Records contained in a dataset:
╔══
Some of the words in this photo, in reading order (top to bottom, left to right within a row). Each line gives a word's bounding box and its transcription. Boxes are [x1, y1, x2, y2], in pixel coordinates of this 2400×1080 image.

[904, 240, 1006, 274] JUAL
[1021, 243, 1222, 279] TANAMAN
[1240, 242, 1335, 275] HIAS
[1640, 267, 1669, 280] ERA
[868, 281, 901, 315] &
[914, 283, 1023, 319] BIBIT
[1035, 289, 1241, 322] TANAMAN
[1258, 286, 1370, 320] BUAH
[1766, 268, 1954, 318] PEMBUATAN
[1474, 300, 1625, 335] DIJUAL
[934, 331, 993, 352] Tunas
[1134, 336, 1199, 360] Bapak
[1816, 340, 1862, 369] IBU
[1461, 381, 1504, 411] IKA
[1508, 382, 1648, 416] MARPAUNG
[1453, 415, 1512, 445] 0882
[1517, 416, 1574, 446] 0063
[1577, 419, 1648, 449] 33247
╚══
Transcribe the data above exactly as it reads.

Some of the words in this photo, in reading order (top to bottom, left to right within a row). Each line gives a word's bounding box and its transcription. Boxes are [x1, y1, x2, y2], in pixel coordinates of this 2400×1080 image.

[904, 240, 1006, 274] JUAL
[1021, 243, 1222, 279] TANAMAN
[1240, 242, 1335, 275] HIAS
[1640, 267, 1669, 280] ERA
[868, 281, 901, 315] &
[914, 283, 1023, 319] BIBIT
[1035, 289, 1241, 322] TANAMAN
[1258, 286, 1370, 320] BUAH
[1766, 268, 1954, 318] PEMBUATAN
[1474, 300, 1625, 335] DIJUAL
[934, 331, 993, 352] Tunas
[1134, 336, 1199, 360] Bapak
[1816, 340, 1862, 369] IBU
[1461, 381, 1504, 411] IKA
[1508, 382, 1648, 416] MARPAUNG
[1453, 415, 1512, 445] 0882
[1517, 416, 1574, 446] 0063
[1577, 419, 1648, 449] 33247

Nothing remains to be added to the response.